I remembered yesterday one of the experiences of moving from studying a subject at school to studying it at University. There was a moment at the start of our study when our lecturers would say 'remember all that stuff you were taught at school... well good though it was, things are not as simple as that'. We had to unlearn as much as we learned in those first months.

I wonder should we have the same milestones in our Christian life. Moments when we say 'Remember that stuff you were taught in youth group or Christian Union? Well good though it was, things are not as simple as that.'
Relating to God as adults requires us to own the freedom that he gives us, and that includes the freedom to make and learn from our mistakes.

Thursday, July 21, 2005

emerging church


This is one of the movements i am most inspired by. Can I recommend emergingchurch.info and also blogs by andrew jones and a friend of mine si johnson as starting points.
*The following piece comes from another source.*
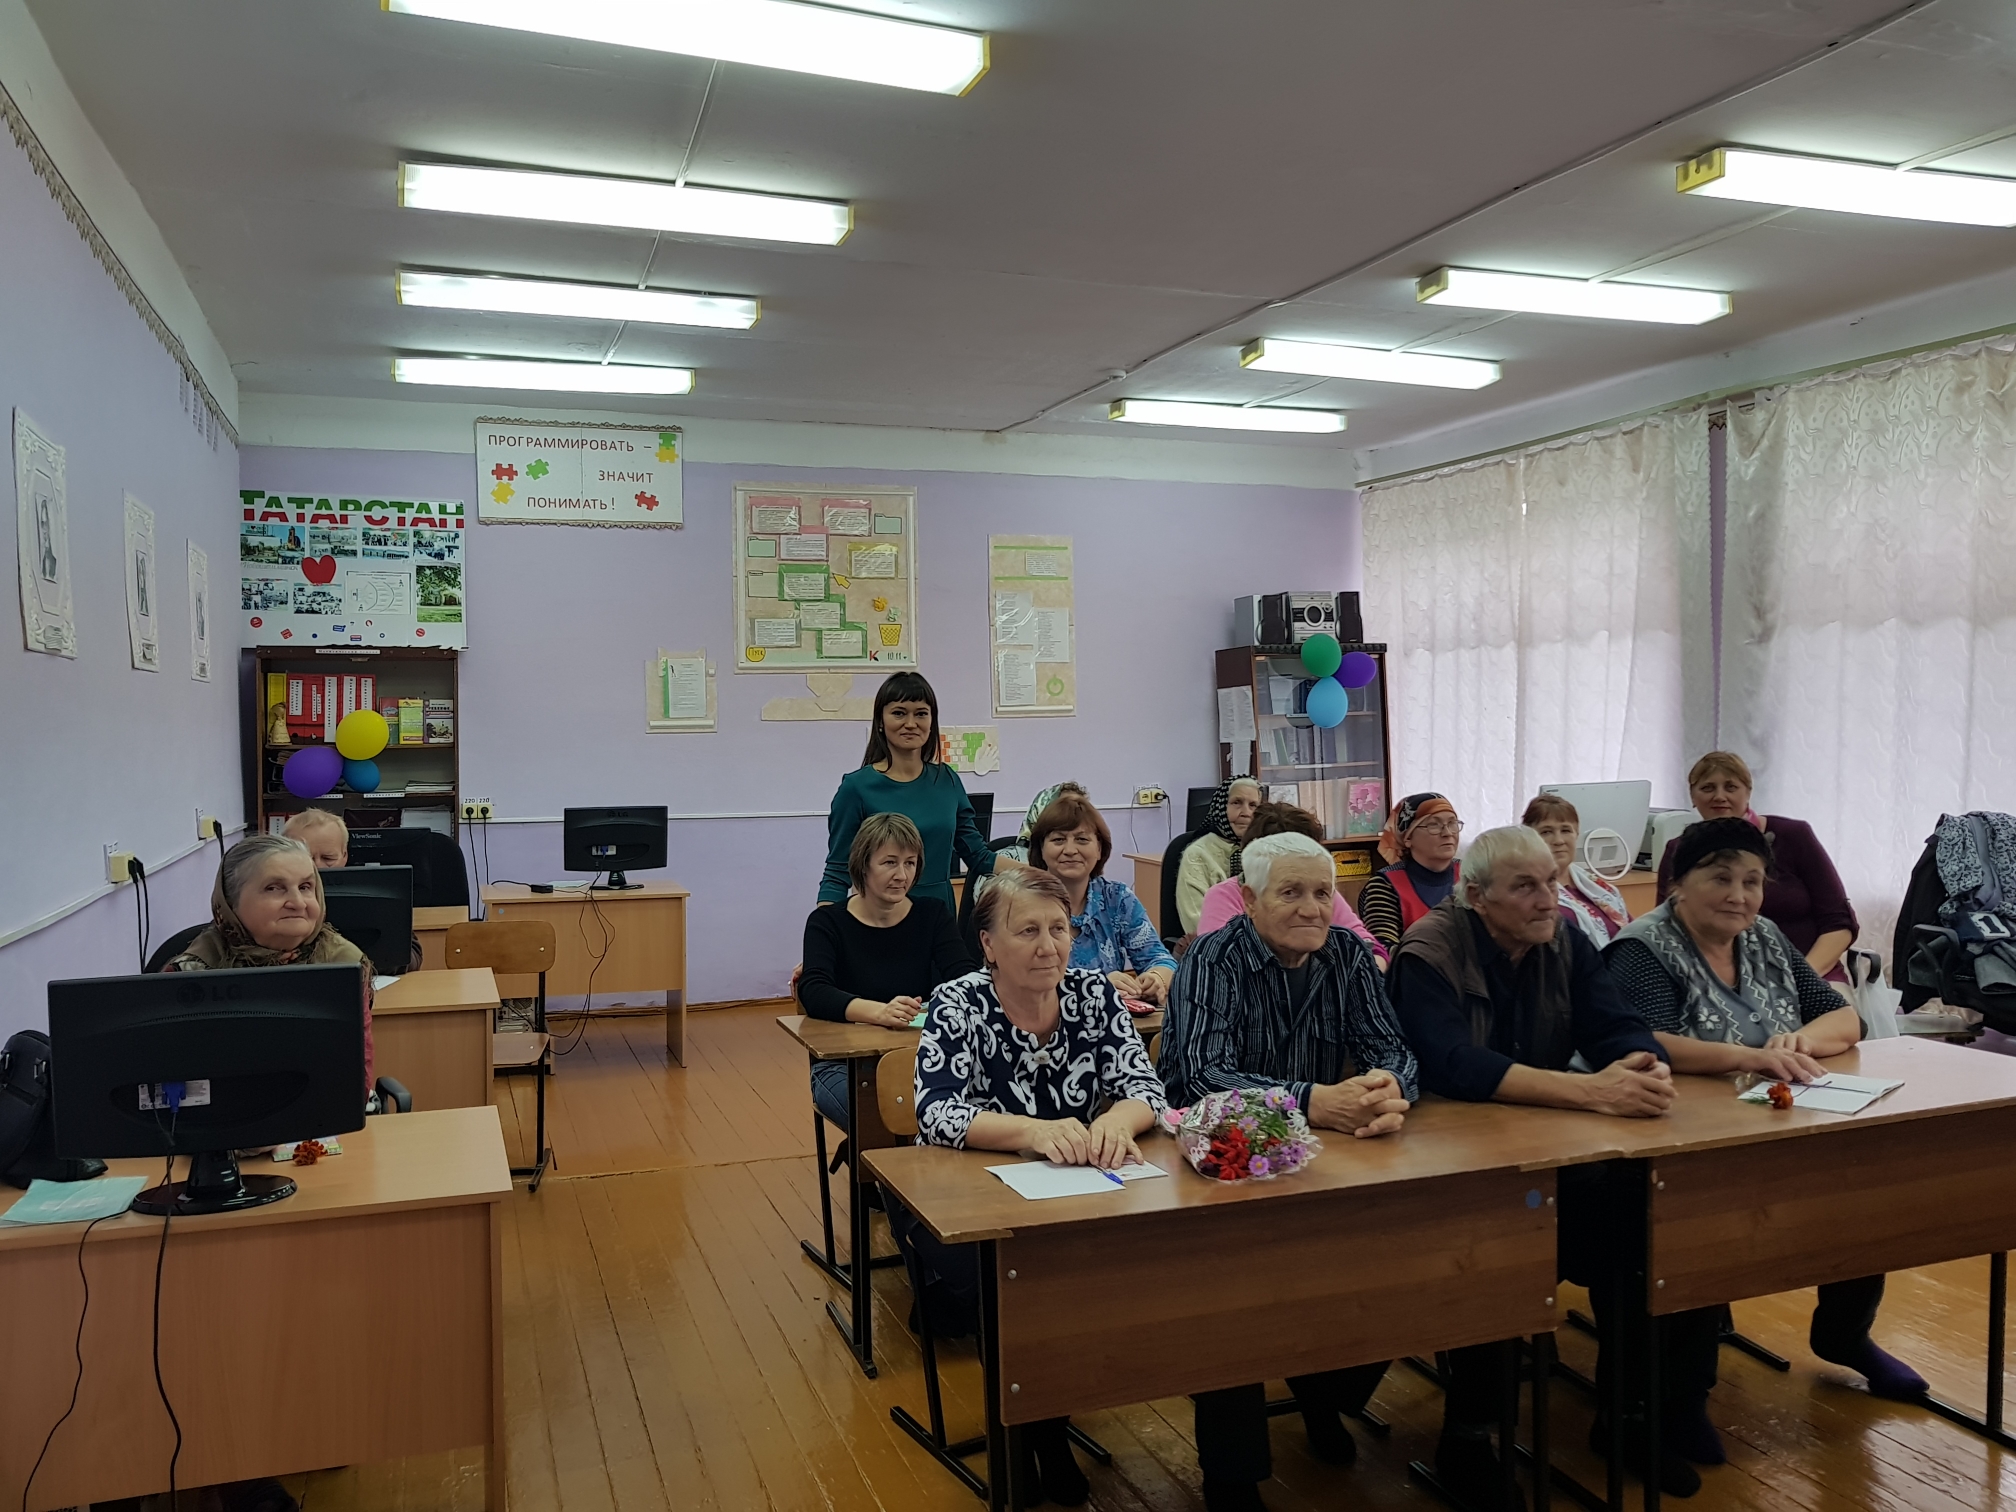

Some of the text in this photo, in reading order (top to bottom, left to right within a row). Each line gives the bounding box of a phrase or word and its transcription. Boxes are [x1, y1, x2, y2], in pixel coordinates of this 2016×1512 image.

It is a movement shaped within postmodernity, reimagining church incarnate in the 21st century. There are many overlaps between emerging church and what we are up to at COTC
however as ever when it comes to movements i tend to rather exist on the margins (it is a personality thing).
One of the things which defines church on the corner which is different from many emerging churches, is that we deliberately exist within the anglican church, valuing much of the tradition and cultural heritage that anglicanism brings us, but doing church in a way which is intended to be prophetic both within that tradition and in the cultural milieu of London.
If there is a critisism I have of some emergent christianity it is the rearranging deckchairs on the titanic one. It sometimes seems to be about cosmetic change in church practice rather than systemic change in the hearts and minds of the people who form church communities.
I am really grateful for the work of those pioneering new models of church and worship outside the structures of establish church, and i hope we can support and learn from what they are doing.

ownership


I have had some good chats at tinderbox with people in the last week or so, and one of the themes that has struck me is that of ownership.
there is a heirarchy in most churches based on theological punching power, the more bible knowledge, the more coherent in their orthodoxy the greater status and respect.
This creates an environment where creatives and right brainers are made to feel less significant or spiritual, where as the reality is that the qualities they bring are crutial to our attempts to reimagine church. I want to grant ownership as much to these creatives as to those who feel comfortable in a church environment. I want these people to shape who we are and how we exist as church as much as the theologians and lefts brainers among us.
Here is our first attempt to do so

Monday, July 18, 2005

a prophetic church


1 Corinthians 14.
The essense of prophesy is knowing God and communicating that with others, not in second hand words, but through our own encounter with the living God.
It can be what we say and the way we live. We need to be a prophetic church, hearing and knowing God and sharing that with each other and with those outside.
Prophesy reflects the character of God, it is his spirit that brings life and truth. Prophesy is a gift of God, the ability to communicate his truth in words that people can understand.
Prophesy also requires work:
Prayer
Study
Thinking
Listening
conversation

Sunday, July 17, 2005

Morning prayer

Over there on the side bar I have added links to the CofE's orders of Morning prayer, evening prayer and night prayer
I know that for many of you the idea of liturgy is a major turn off, but I have come to really appreciate these patterns of worship. The great strength of liturgy is its greater perspective of God; it is beyond our own often limited thinking. I find prayer so often dominted by whatever is going round my brain at the time, I obsess on my own stuff when I know I should be worshipping, interceding and so on.
The depth and beauty of the language, the rich biblical and historical tradition lift me beyond myself and give me the peace that comes from seeing God as he really is, and seeing my small but significant place in his creation.
Practically I find it best to actually speak out the words and the readings, and in the pray for maybe three specific things in the part set aside for intercession. The links update each day, so you always get the set readings for that day. Sometimes there is a prayer by Saint somebody or other that confuses me, but other than that it is really good. Reading chunks of the Old testament systematically is really good too. I tend to only do one of these a day, whichever is appropriate. Try it - you may hate it, or it may really work for you.

Monday, July 11, 2005

'And now I will show you the most excellent way.’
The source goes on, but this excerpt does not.